The growth of omnichannel retail has provided consumers with more options than ever to purchase goods. According to Statista, online sales will be responsible for generating 45.9% of total revenue in the consumer electronics market worldwide by 2023, with mobile phone retailers comprising the market’s largest segment with $498.30B in sales volume.

While this is a fantastic development for consumers, it brings new challenges for consumer electronics retailers when managing their inventory and supply chains. From big box retailers to smaller mobile phone shops, today’s electronics retailers need smart strategies to help:

  1. Accurately manage assortment and inventory complexities.
  2. Ensure inventory is available and in the right stores.
  3. Utilize store space effectively to meet the changing needs of their consumers.
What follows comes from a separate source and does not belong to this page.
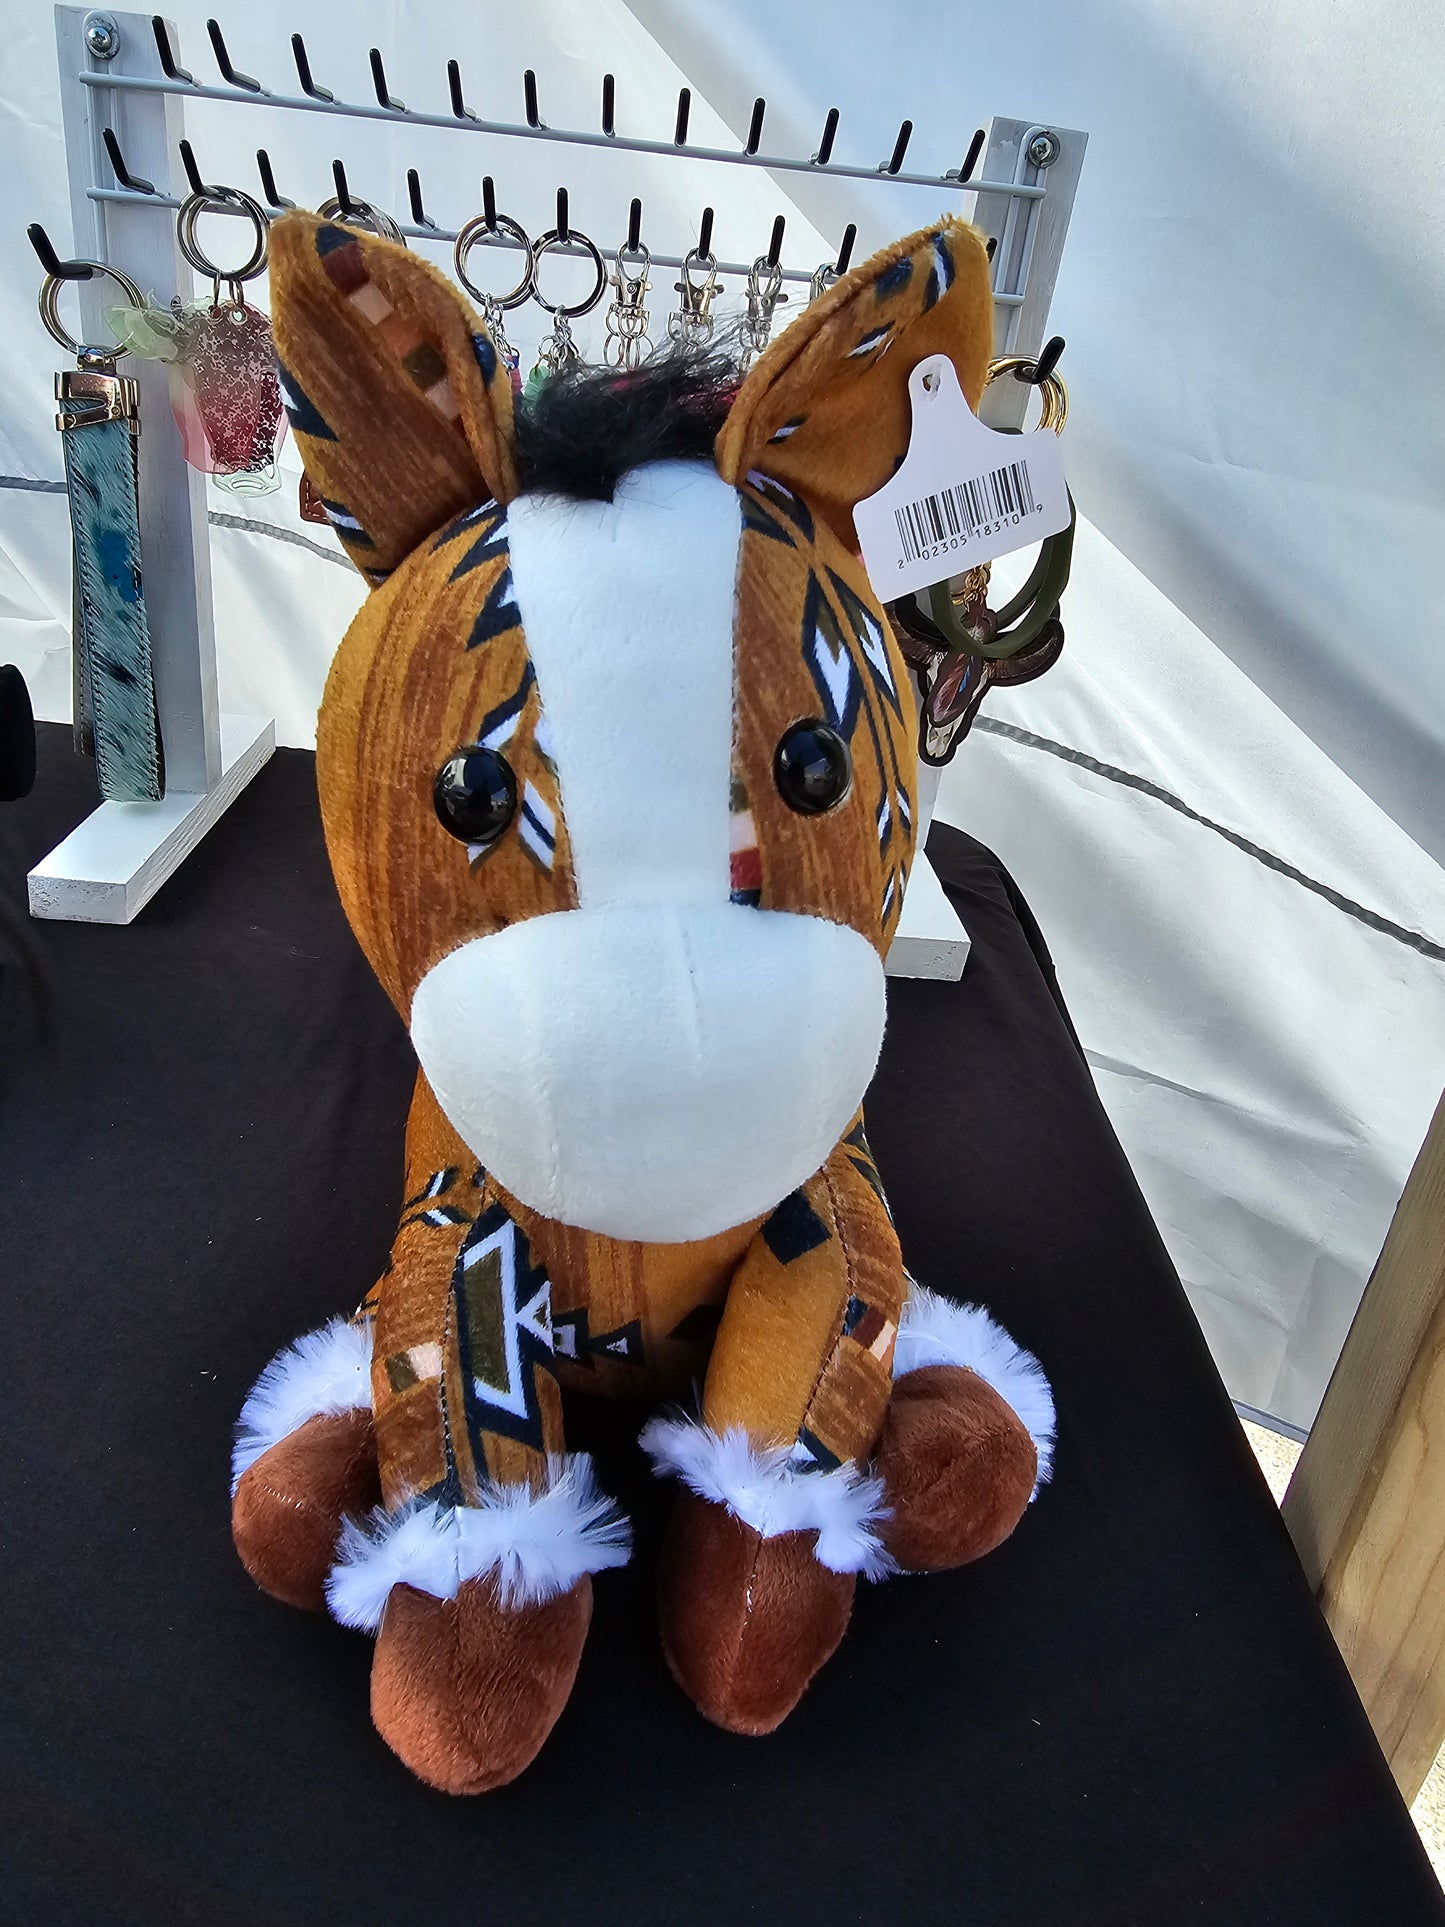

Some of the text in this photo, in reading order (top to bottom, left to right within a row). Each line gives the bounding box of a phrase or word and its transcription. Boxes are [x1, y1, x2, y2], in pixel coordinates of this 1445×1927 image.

Let’s dig a little deeper into these challenges.

1. Managing assortment and inventory challenges in omnichannel retail

A successful omnichannel retail strategy requires electronics retailers to be able to accurately predict consumer demand in each channel, helping them understand which products to stock in stores and which to carry online. But anyone working in retail today knows that consumer trends change rapidly. It can be extremely difficult to understand nuances such as which products will inspire customers to make an in-store purchase due to “immediate need” and which can be ordered online, requiring a wait of a few days for delivery.

Furthermore, today’s electronics products have shorter life cycles than ever before, making it difficult to gauge how long they will remain profitable before the next big item hits stores. In the past, retailers knew they had years to profit from electronic items before they became outdated. Today, products may have a life cycle as short as a few months.

Additionally, as consumers become more comfortable buying electronics online, retailers become unsure of how much volume to stock in store. According to a 2023 Forbes study, sales for electronics and appliances were down 7.2% year-over-year between 2022 and 2023. With sales down and an inflationary environment, it becomes expensive for electronics retailers to carry safety stock.

Telecom retailers selling mobile phones, mobile plans, and accessories have smaller store footprints than big box retailers, but still must stock the hottest cell phones and associated accessories, such as cases. While cases have a high-profit margin, shelf space is limited, so retailers need a basic assortment on hand to satisfy consumers who come in to purchase a phone. Consumers have more choices online, where retailers can carry phone cases in multiple colors and sizes. Understanding which cases to carry in a store and how quickly they need replenishment can be challenging.

Electronics and telecom retailers need advanced planning systems capable of accurately predicting demand by channel, then automatically optimizing store replenishment while ensuring enough inventory is reserved to fulfill online sales.

2. Store-level inventory accuracy impacts sales and customer loyalty

It’s a common challenge: a retailer has the right inventory somewhere in their supply chain, just not in the store where a customer is actually trying to buy it. Inventory accuracy and visibility directly impact sales in individual stores, but too many retailers lack a clear understanding of which stores in their network need to carry which products.

According to the Auburn University RFID Lab, the average level of inventory accuracy for U.S. retailers is 65%. Raising inventory accuracy by 10% to 30% would help retailers improve customer experiences and increase customer loyalty.

If a retailer’s website advertises a high-demand color of a hot new phone model available locally, it might inspire shoppers to make a store visit to get their hands on it immediately. However, disappointing them with a stock-out on their desired color and model risks not only losing that individual sale, but also potentially losing the lifetime value of a dissatisfied, inconvenienced customer because inventory promises online did not match in-store reality.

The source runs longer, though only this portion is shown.